Dynamical disentanglement approach to data analysis

A typical problem in data analysis is to eliminate a particular component of a given time series, e.g. to remove noise, trend, oscillation in a certain frequency band, etc. A whole variety of techniques has been designed to tackle this task by means of filtering in the frequency domain, smoothing in a running window, subtracting a fitted polynomial, and soon. Furthermore, a number of modern methods - principal mode decomposition, independent mode decomposition, empirical mode decomposition - represent a signal of interest as a sum of modes such that (at least) dominating modes are assumed to represent certain dynamical processes. Correspondingly, some of these modes can be analyzed separately or, on the contrary, if they are considered as irrelevant, they can be subtracted from the original data, so that the cleansed signal is processed. Here we elaborate on a technique, designed for analysis of signals, generated by coupled oscillatory systems. The technique is based on reconstruction of phase dynamics of the analyzed unit.
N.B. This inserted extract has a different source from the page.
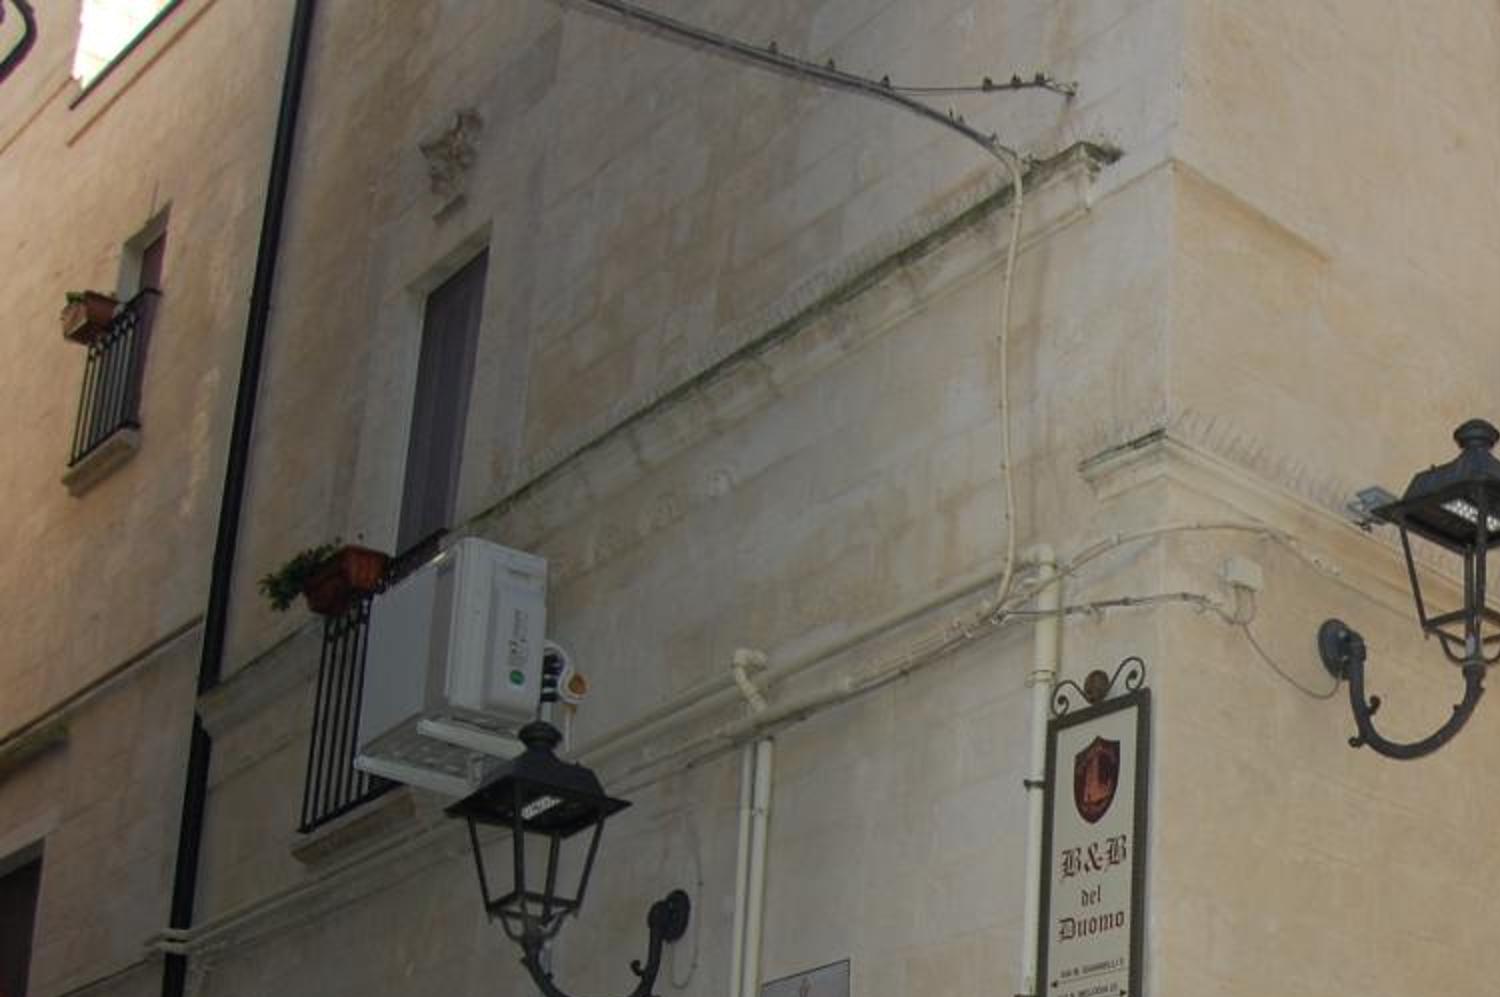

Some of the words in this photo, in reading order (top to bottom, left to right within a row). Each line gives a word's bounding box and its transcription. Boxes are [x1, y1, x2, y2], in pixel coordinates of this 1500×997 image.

[1060, 834, 1128, 879] B&B
[1081, 884, 1101, 906] del
[1057, 911, 1125, 942] Duomo
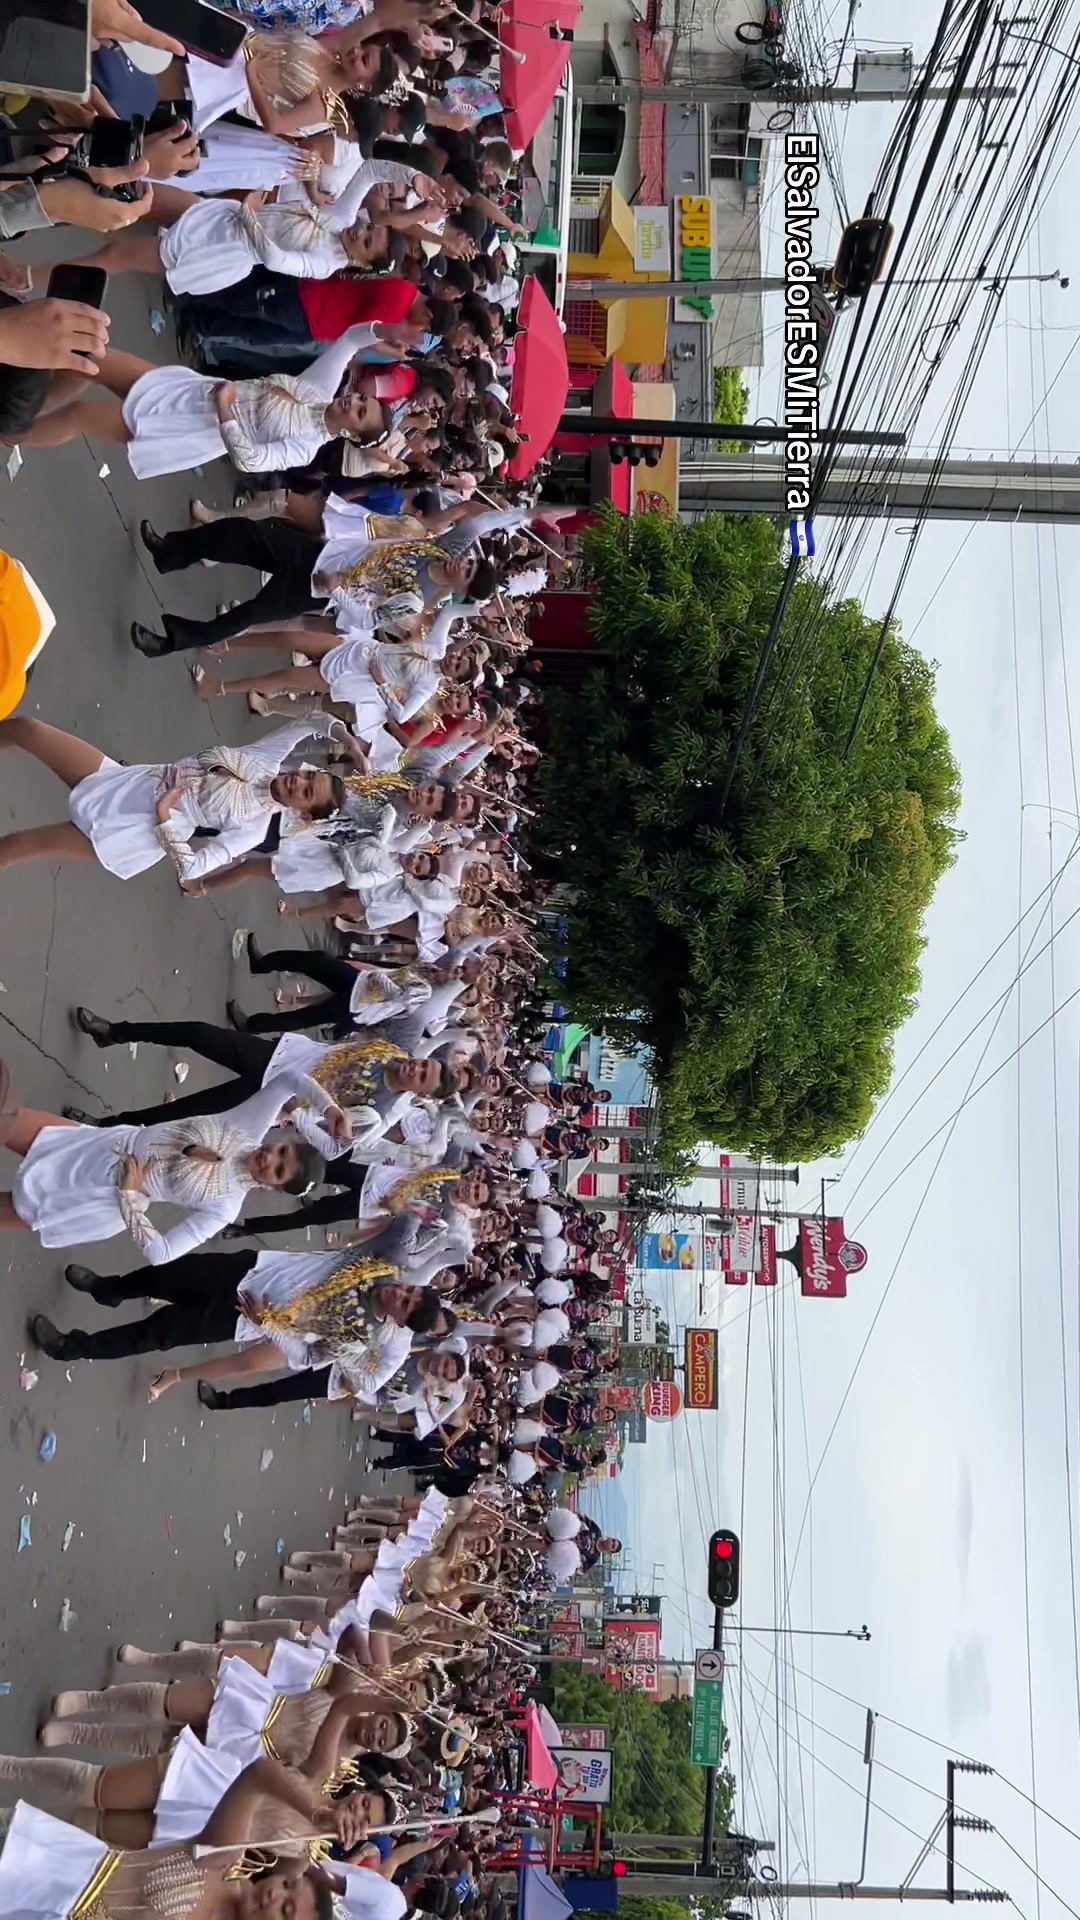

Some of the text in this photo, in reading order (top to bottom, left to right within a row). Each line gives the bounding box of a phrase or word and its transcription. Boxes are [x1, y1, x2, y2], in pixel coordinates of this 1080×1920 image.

The obtained equation is then used for generation of new, cleansed, data by excluding one, or, generally, several inputs to the system. For example, if only the deterministic part of the model is used, i.e. the noise term is omitted, then the simulated data represents the dynamics of noise-free system. This disentanglement procedure is neither the standard filtering (because the preserved and eliminated components can overlap in frequency domain) nor the mode decomposition (because the sum of preserved and eliminated components does not yield the original signal). Here we consider application of this approach to analysis of cardio-respiratory interaction in humans.